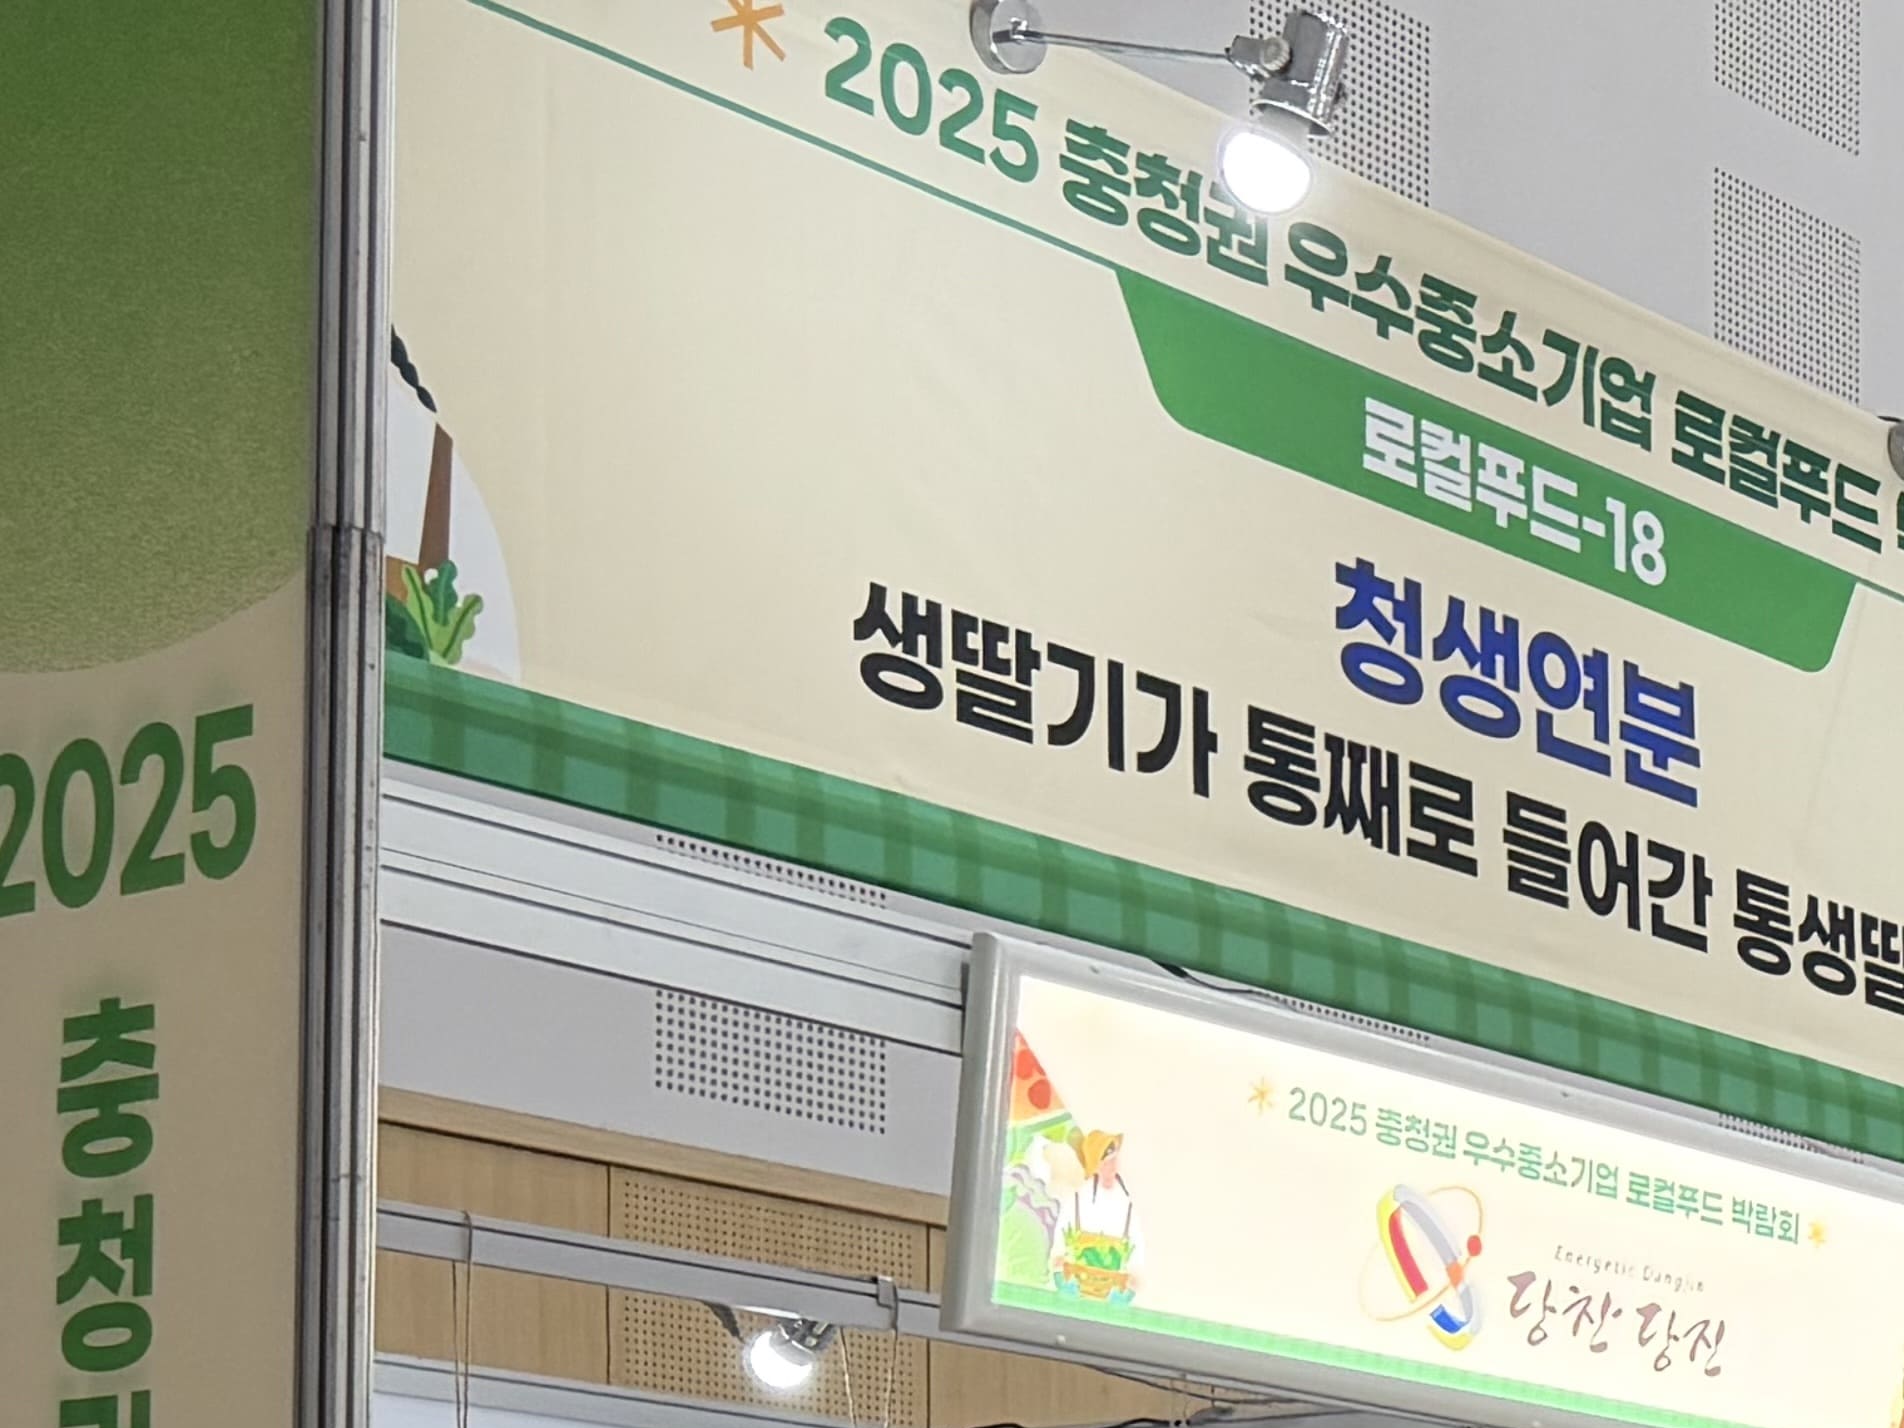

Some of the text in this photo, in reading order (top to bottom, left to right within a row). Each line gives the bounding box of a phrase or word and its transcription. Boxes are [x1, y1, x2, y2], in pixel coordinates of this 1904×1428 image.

[823, 14, 1041, 183] 2025
[1057, 119, 1270, 286] 충청권
[1284, 221, 1656, 453] 우수중소기업
[1670, 387, 1883, 554] 로컬푸드
[1363, 397, 1667, 586] 로컬푸드-18
[853, 579, 1219, 799] 생딸기가
[1242, 701, 1478, 876] 통째로
[1501, 789, 1712, 952] 들어간
[1334, 556, 1703, 807] 청생연분
[1288, 1087, 1801, 1245] 2025 충청권 우수중소기업 로컬푸드 박람회

**Exercise aim:**
Drop the pictures and reproduce the rest of the entries above exactly.

**Output for this task:**
Some of the text in this photo, in reading order (top to bottom, left to right within a row). Each line gives the bounding box of a phrase or word and its transcription. Boxes are [x1, y1, x2, y2], in pixel coordinates of this 1904×1428 image.

[823, 14, 1041, 183] 2025
[1057, 119, 1270, 286] 충청권
[1284, 221, 1656, 453] 우수중소기업
[1670, 387, 1883, 554] 로컬푸드
[1363, 397, 1667, 586] 로컬푸드-18
[853, 579, 1219, 799] 생딸기가
[1242, 701, 1478, 876] 통째로
[1501, 789, 1712, 952] 들어간
[1334, 556, 1703, 807] 청생연분
[1288, 1087, 1801, 1245] 2025 충청권 우수중소기업 로컬푸드 박람회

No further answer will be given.